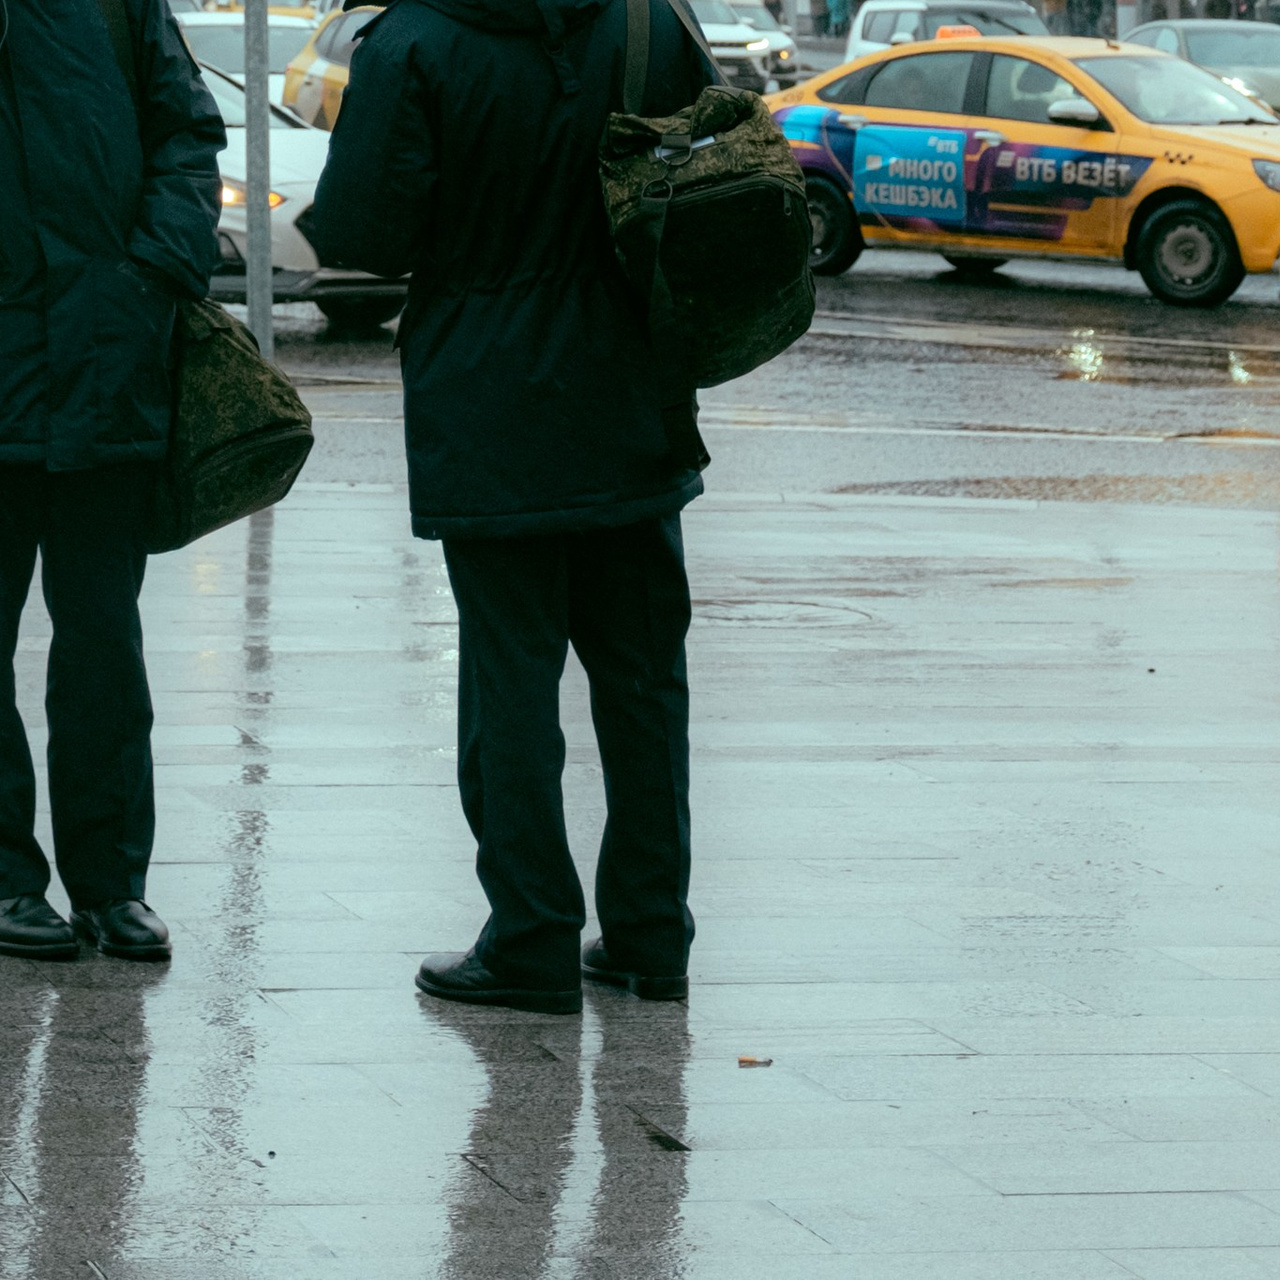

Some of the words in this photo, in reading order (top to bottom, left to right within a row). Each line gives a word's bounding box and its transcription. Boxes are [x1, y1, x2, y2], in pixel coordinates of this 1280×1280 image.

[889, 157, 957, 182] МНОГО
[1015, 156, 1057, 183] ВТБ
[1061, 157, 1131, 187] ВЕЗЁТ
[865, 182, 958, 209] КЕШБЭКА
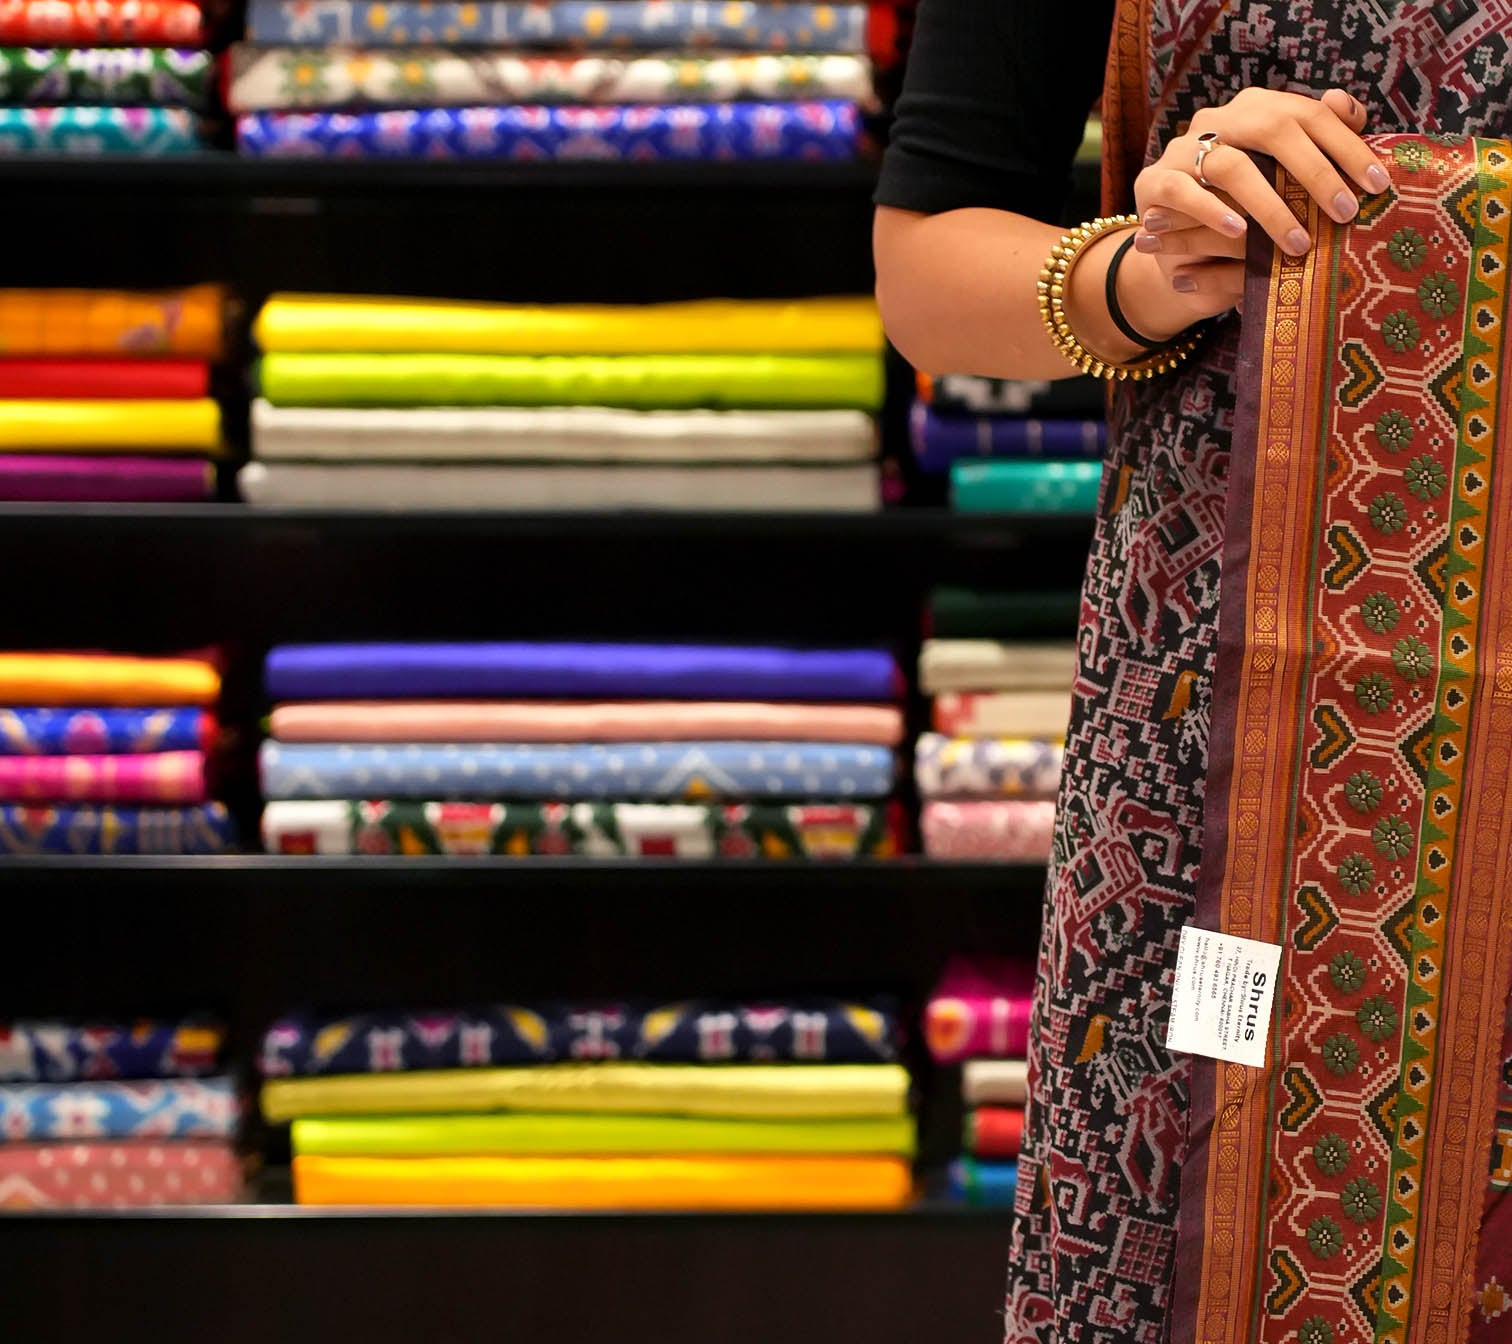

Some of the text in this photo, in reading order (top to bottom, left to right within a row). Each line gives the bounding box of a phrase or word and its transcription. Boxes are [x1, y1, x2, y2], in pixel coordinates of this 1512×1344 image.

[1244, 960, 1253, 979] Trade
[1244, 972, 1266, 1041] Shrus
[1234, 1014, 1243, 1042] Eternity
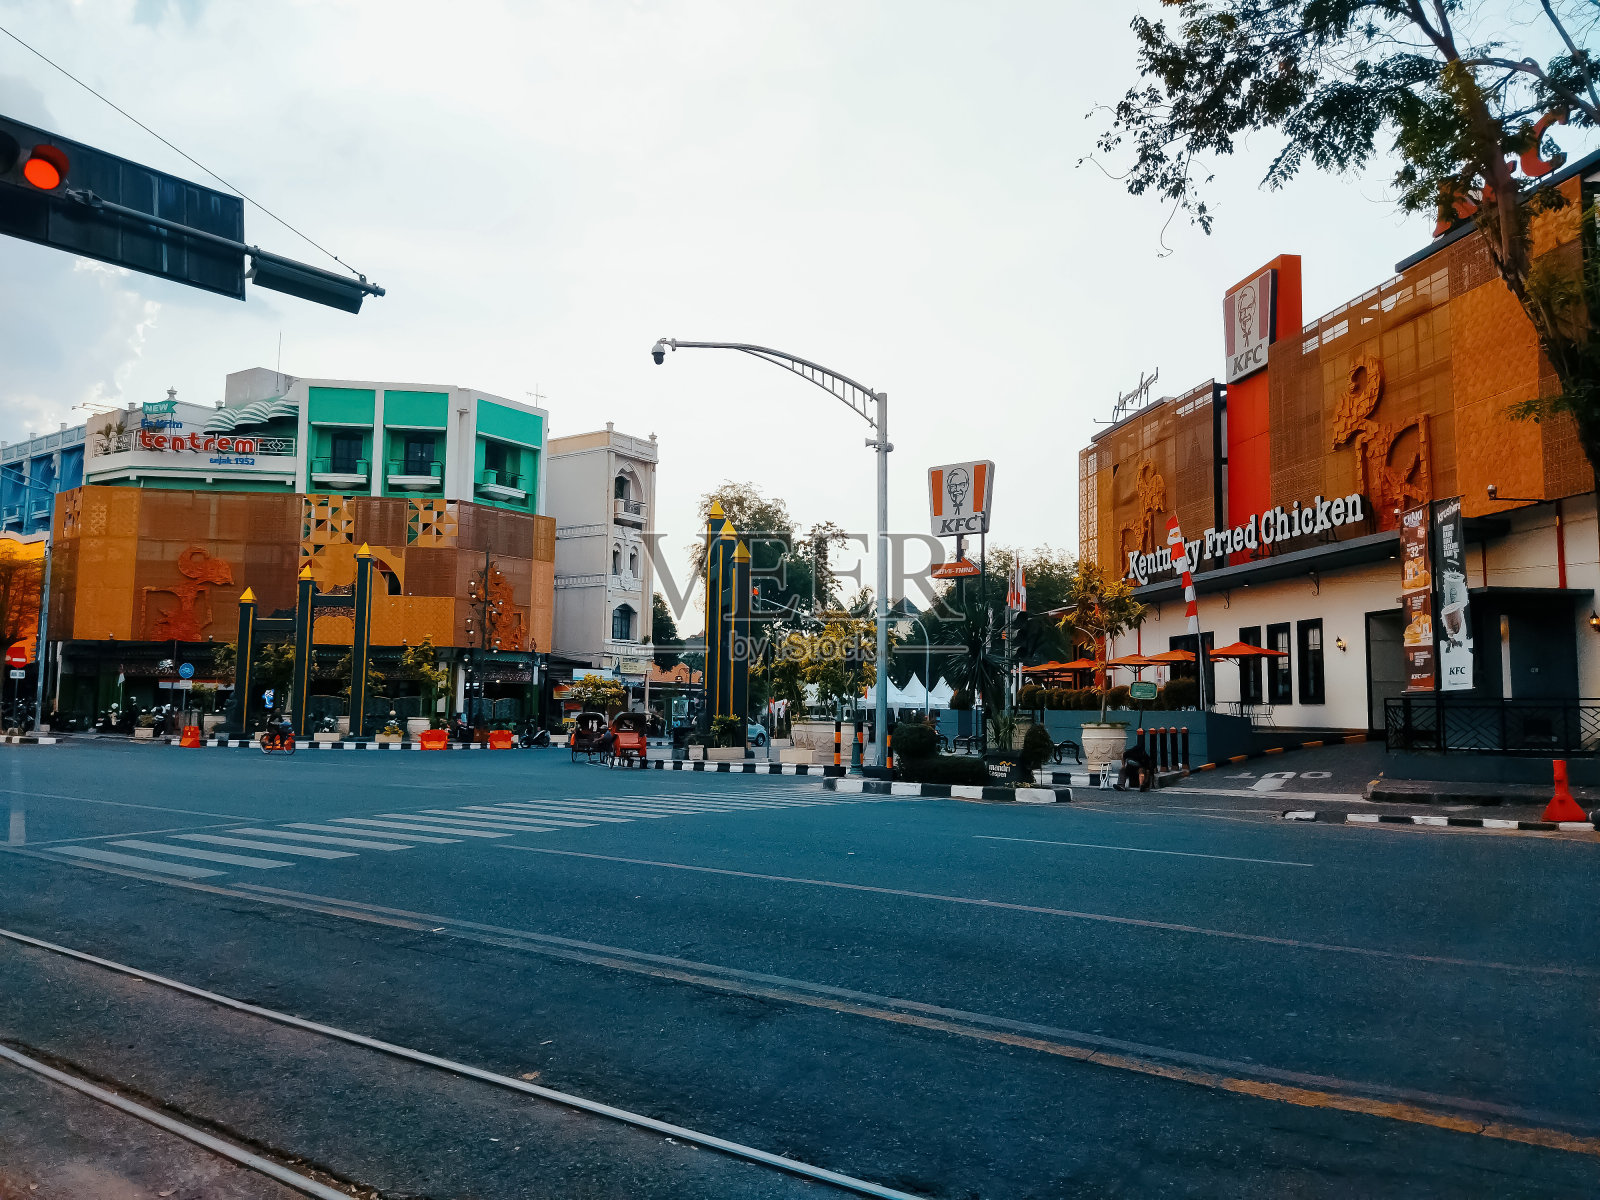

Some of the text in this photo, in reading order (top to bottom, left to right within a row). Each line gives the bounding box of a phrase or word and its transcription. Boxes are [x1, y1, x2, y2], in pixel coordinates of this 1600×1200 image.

EXERCISE DESCRIPTION: The whole listing, pictures excluded, should be output exactly.

ANSWER SECTION:
Some of the words in this photo, in reading order (top to bottom, left to right within a row). Each line gives a word's bounding box and its transcription. Boxes are [x1, y1, x2, y2], in pixel coordinates of this 1280×1280 image.

[889, 157, 957, 182] МНОГО
[1015, 156, 1057, 183] ВТБ
[1061, 157, 1131, 187] ВЕЗЁТ
[865, 182, 958, 209] КЕШБЭКА

Some of the text in this photo, in reading order (top to bottom, left to right within a row). Each line gives the bounding box of a phrase or word and its transcription. Boxes are [x1, y1, x2, y2], in pixel coordinates of this 1512×1344 image.

[1244, 960, 1253, 979] Trade
[1244, 972, 1266, 1041] Shrus
[1234, 1014, 1243, 1042] Eternity

Some of the text in this photo, in reading order (top to bottom, left to right within a row). Each line gives the bounding box of a phrase or word and its transcription. Boxes are [x1, y1, x2, y2], in pixel coordinates of this 1600×1200 image.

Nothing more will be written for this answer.